[Data items]

__________________________________________________

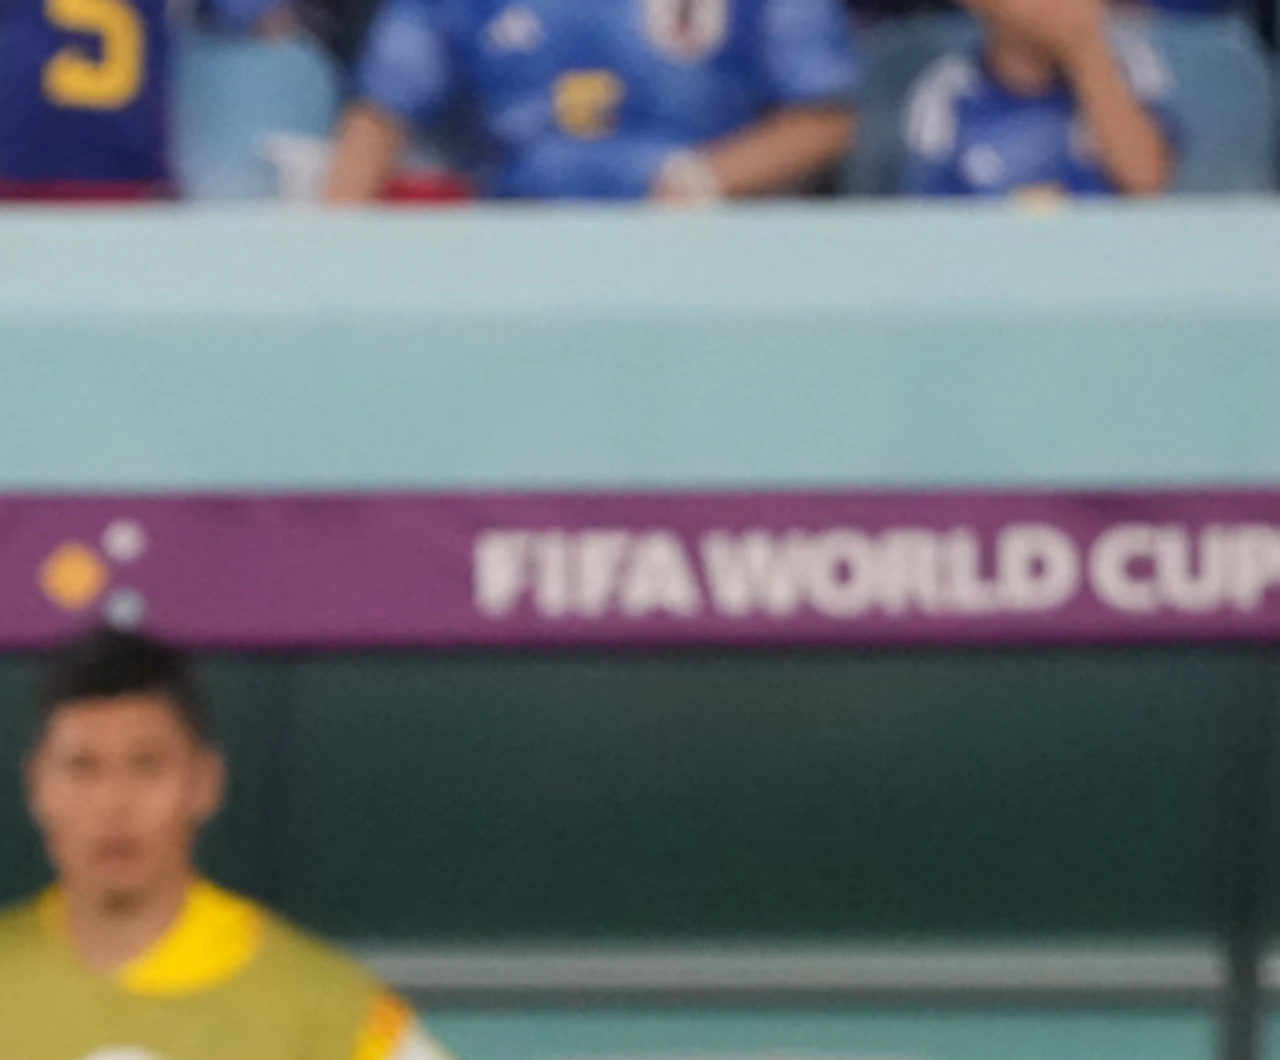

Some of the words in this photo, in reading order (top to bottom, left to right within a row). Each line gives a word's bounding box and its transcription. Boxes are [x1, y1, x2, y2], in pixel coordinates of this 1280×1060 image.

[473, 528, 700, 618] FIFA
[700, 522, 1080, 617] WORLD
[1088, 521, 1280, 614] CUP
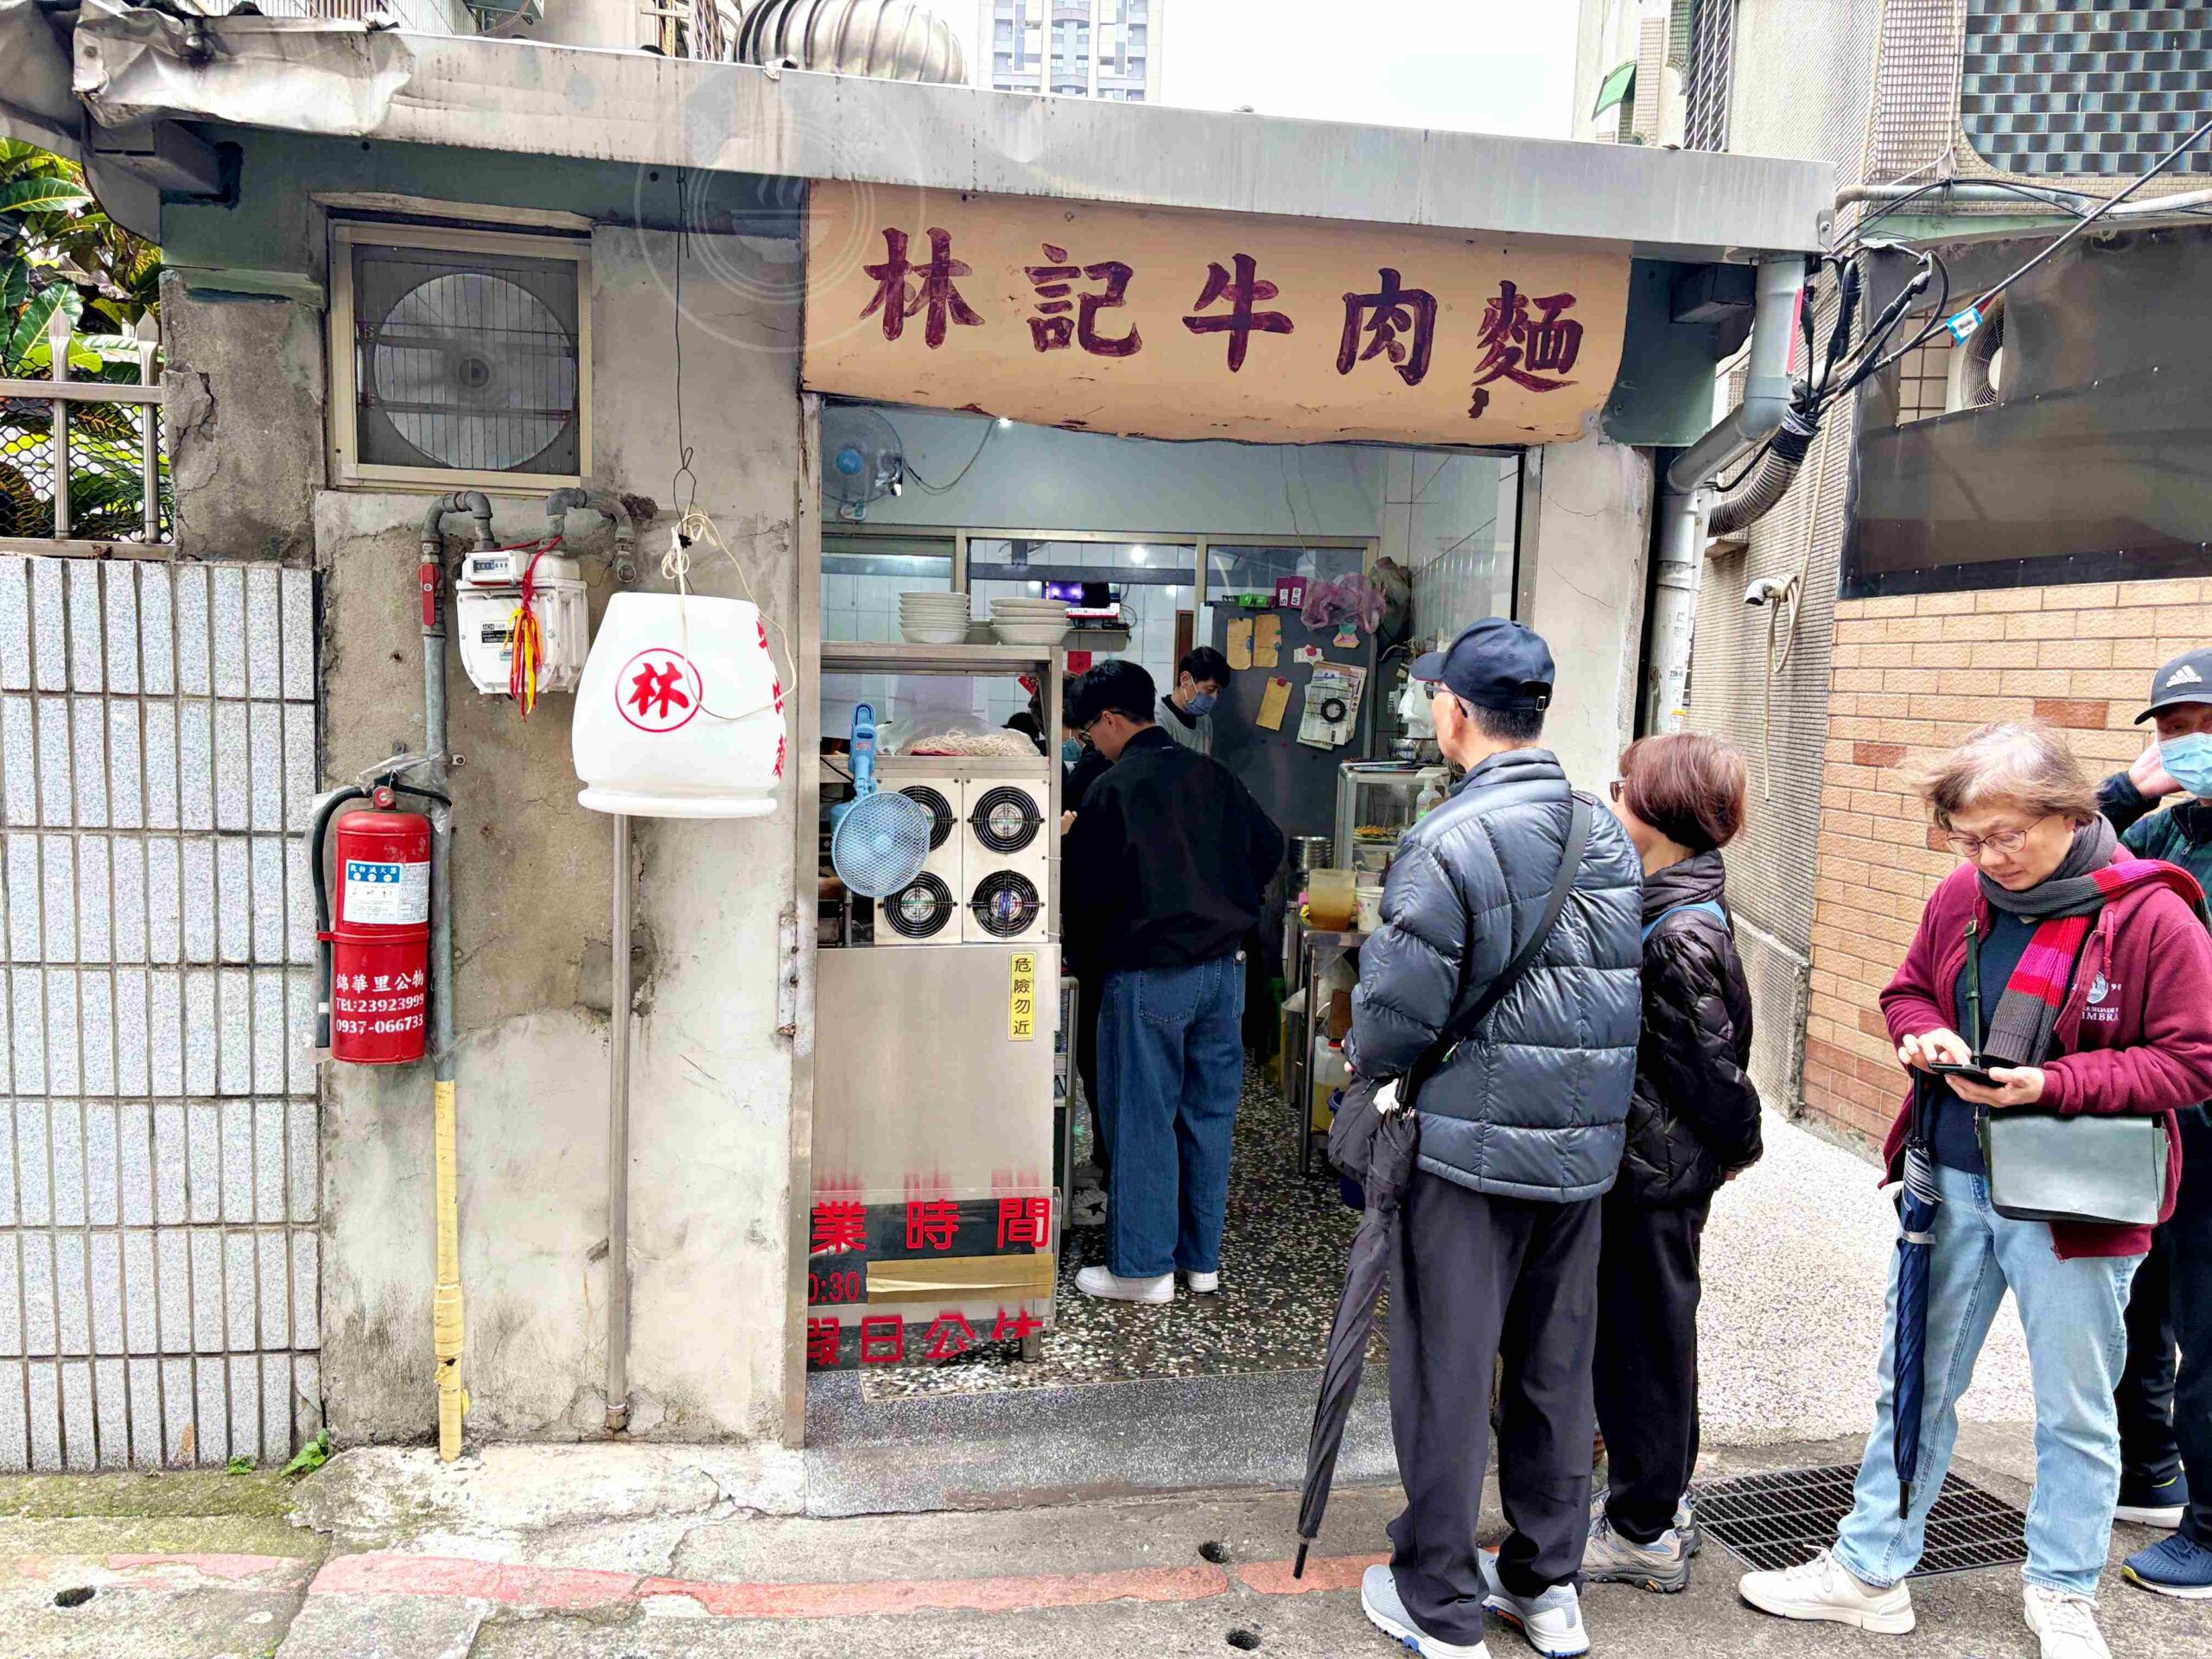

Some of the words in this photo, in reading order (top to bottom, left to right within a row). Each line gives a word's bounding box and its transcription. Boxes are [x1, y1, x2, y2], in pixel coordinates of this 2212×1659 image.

__________________________________________________

#### WHAT THE EXERCISE ASKS:
All of the entries need to be retyped word for word, pictures excluded.

#### RESULT OF THE EXERCISE:
Some of the words in this photo, in reading order (top to bottom, left to right within a row). Each line gives a word's bounding box and its transcription. Boxes are [x1, y1, x2, y2], in pixel coordinates of this 1280×1060 image.

[473, 528, 700, 618] FIFA
[700, 522, 1080, 617] WORLD
[1088, 521, 1280, 614] CUP

Some of the words in this photo, in reading order (top to bottom, left to right within a row). Each line gives a word's bounding box and its transcription. Boxes are [x1, y1, x2, y2], in pixel coordinates of this 2212×1659 image.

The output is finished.